• **Work to complete**: Transcribe every record exactly, omitting none.

• **Material provided**:
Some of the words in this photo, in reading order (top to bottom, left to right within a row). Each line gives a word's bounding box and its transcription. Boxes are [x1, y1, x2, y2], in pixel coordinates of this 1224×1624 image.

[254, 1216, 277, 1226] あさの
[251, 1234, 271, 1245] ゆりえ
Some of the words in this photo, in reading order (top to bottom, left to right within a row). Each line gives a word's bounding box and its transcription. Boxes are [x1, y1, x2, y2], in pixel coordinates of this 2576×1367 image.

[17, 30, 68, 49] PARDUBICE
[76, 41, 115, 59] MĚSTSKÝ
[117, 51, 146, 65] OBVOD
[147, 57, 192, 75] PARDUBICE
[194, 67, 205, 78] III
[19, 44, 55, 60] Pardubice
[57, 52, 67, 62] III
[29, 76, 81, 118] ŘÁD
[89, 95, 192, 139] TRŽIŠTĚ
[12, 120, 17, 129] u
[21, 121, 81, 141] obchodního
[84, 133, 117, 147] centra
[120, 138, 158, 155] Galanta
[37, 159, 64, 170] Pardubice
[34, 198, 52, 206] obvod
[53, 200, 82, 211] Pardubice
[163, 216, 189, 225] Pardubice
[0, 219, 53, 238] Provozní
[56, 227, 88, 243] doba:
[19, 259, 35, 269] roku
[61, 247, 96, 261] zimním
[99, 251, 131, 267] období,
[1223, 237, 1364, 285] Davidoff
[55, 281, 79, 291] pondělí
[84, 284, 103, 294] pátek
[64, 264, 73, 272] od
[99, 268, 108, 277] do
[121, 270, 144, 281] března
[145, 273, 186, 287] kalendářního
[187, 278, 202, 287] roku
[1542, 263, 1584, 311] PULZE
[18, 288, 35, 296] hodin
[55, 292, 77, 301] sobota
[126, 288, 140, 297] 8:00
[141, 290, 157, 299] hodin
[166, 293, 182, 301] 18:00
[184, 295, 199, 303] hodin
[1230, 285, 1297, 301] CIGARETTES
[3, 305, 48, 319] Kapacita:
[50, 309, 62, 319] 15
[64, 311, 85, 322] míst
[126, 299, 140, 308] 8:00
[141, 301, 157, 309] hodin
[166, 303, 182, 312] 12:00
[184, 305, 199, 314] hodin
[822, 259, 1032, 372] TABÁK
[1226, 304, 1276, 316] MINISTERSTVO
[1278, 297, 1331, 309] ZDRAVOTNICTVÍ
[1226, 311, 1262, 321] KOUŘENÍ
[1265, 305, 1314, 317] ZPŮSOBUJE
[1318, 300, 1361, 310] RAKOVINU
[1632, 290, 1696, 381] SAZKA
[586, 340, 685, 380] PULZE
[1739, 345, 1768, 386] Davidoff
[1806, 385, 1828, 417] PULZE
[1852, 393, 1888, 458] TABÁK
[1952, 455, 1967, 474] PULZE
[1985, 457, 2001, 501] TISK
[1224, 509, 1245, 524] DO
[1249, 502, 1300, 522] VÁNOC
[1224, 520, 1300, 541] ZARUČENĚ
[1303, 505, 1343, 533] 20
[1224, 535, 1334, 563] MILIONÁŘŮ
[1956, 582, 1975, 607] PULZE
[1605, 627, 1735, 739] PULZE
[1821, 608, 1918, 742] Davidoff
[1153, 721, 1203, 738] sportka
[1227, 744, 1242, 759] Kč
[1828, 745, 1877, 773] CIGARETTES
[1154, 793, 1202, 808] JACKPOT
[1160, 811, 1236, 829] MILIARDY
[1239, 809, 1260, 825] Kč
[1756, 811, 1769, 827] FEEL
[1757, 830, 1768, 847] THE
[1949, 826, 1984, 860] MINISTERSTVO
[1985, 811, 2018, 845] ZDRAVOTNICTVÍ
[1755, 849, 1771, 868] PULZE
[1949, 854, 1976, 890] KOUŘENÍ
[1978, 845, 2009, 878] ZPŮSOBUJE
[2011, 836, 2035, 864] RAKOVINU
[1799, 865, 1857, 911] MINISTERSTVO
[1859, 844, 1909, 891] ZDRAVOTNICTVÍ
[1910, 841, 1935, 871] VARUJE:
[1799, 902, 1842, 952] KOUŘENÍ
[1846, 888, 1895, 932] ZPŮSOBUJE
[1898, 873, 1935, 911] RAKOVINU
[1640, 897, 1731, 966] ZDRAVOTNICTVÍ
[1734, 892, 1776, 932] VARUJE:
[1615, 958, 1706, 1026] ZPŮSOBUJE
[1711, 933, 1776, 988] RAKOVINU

• **Problem solution**:
Some of the words in this photo, in reading order (top to bottom, left to right within a row). Each line gives a word's bounding box and its transcription. Boxes are [x1, y1, x2, y2], in pixel coordinates of this 1224×1624 image.

[254, 1216, 277, 1226] あさの
[251, 1234, 271, 1245] ゆりえ
Some of the words in this photo, in reading order (top to bottom, left to right within a row). Each line gives a word's bounding box and its transcription. Boxes are [x1, y1, x2, y2], in pixel coordinates of this 2576×1367 image.

[17, 30, 68, 49] PARDUBICE
[76, 41, 115, 59] MĚSTSKÝ
[117, 51, 146, 65] OBVOD
[147, 57, 192, 75] PARDUBICE
[194, 67, 205, 78] III
[19, 44, 55, 60] Pardubice
[57, 52, 67, 62] III
[29, 76, 81, 118] ŘÁD
[89, 95, 192, 139] TRŽIŠTĚ
[12, 120, 17, 129] u
[21, 121, 81, 141] obchodního
[84, 133, 117, 147] centra
[120, 138, 158, 155] Galanta
[37, 159, 64, 170] Pardubice
[34, 198, 52, 206] obvod
[53, 200, 82, 211] Pardubice
[163, 216, 189, 225] Pardubice
[0, 219, 53, 238] Provozní
[56, 227, 88, 243] doba:
[19, 259, 35, 269] roku
[61, 247, 96, 261] zimním
[99, 251, 131, 267] období,
[1223, 237, 1364, 285] Davidoff
[55, 281, 79, 291] pondělí
[84, 284, 103, 294] pátek
[64, 264, 73, 272] od
[99, 268, 108, 277] do
[121, 270, 144, 281] března
[145, 273, 186, 287] kalendářního
[187, 278, 202, 287] roku
[1542, 263, 1584, 311] PULZE
[18, 288, 35, 296] hodin
[55, 292, 77, 301] sobota
[126, 288, 140, 297] 8:00
[141, 290, 157, 299] hodin
[166, 293, 182, 301] 18:00
[184, 295, 199, 303] hodin
[1230, 285, 1297, 301] CIGARETTES
[3, 305, 48, 319] Kapacita:
[50, 309, 62, 319] 15
[64, 311, 85, 322] míst
[126, 299, 140, 308] 8:00
[141, 301, 157, 309] hodin
[166, 303, 182, 312] 12:00
[184, 305, 199, 314] hodin
[822, 259, 1032, 372] TABÁK
[1226, 304, 1276, 316] MINISTERSTVO
[1278, 297, 1331, 309] ZDRAVOTNICTVÍ
[1226, 311, 1262, 321] KOUŘENÍ
[1265, 305, 1314, 317] ZPŮSOBUJE
[1318, 300, 1361, 310] RAKOVINU
[1632, 290, 1696, 381] SAZKA
[586, 340, 685, 380] PULZE
[1739, 345, 1768, 386] Davidoff
[1806, 385, 1828, 417] PULZE
[1852, 393, 1888, 458] TABÁK
[1952, 455, 1967, 474] PULZE
[1985, 457, 2001, 501] TISK
[1224, 509, 1245, 524] DO
[1249, 502, 1300, 522] VÁNOC
[1224, 520, 1300, 541] ZARUČENĚ
[1303, 505, 1343, 533] 20
[1224, 535, 1334, 563] MILIONÁŘŮ
[1956, 582, 1975, 607] PULZE
[1605, 627, 1735, 739] PULZE
[1821, 608, 1918, 742] Davidoff
[1153, 721, 1203, 738] sportka
[1227, 744, 1242, 759] Kč
[1828, 745, 1877, 773] CIGARETTES
[1154, 793, 1202, 808] JACKPOT
[1160, 811, 1236, 829] MILIARDY
[1239, 809, 1260, 825] Kč
[1756, 811, 1769, 827] FEEL
[1757, 830, 1768, 847] THE
[1949, 826, 1984, 860] MINISTERSTVO
[1985, 811, 2018, 845] ZDRAVOTNICTVÍ
[1755, 849, 1771, 868] PULZE
[1949, 854, 1976, 890] KOUŘENÍ
[1978, 845, 2009, 878] ZPŮSOBUJE
[2011, 836, 2035, 864] RAKOVINU
[1799, 865, 1857, 911] MINISTERSTVO
[1859, 844, 1909, 891] ZDRAVOTNICTVÍ
[1910, 841, 1935, 871] VARUJE:
[1799, 902, 1842, 952] KOUŘENÍ
[1846, 888, 1895, 932] ZPŮSOBUJE
[1898, 873, 1935, 911] RAKOVINU
[1640, 897, 1731, 966] ZDRAVOTNICTVÍ
[1734, 892, 1776, 932] VARUJE:
[1615, 958, 1706, 1026] ZPŮSOBUJE
[1711, 933, 1776, 988] RAKOVINU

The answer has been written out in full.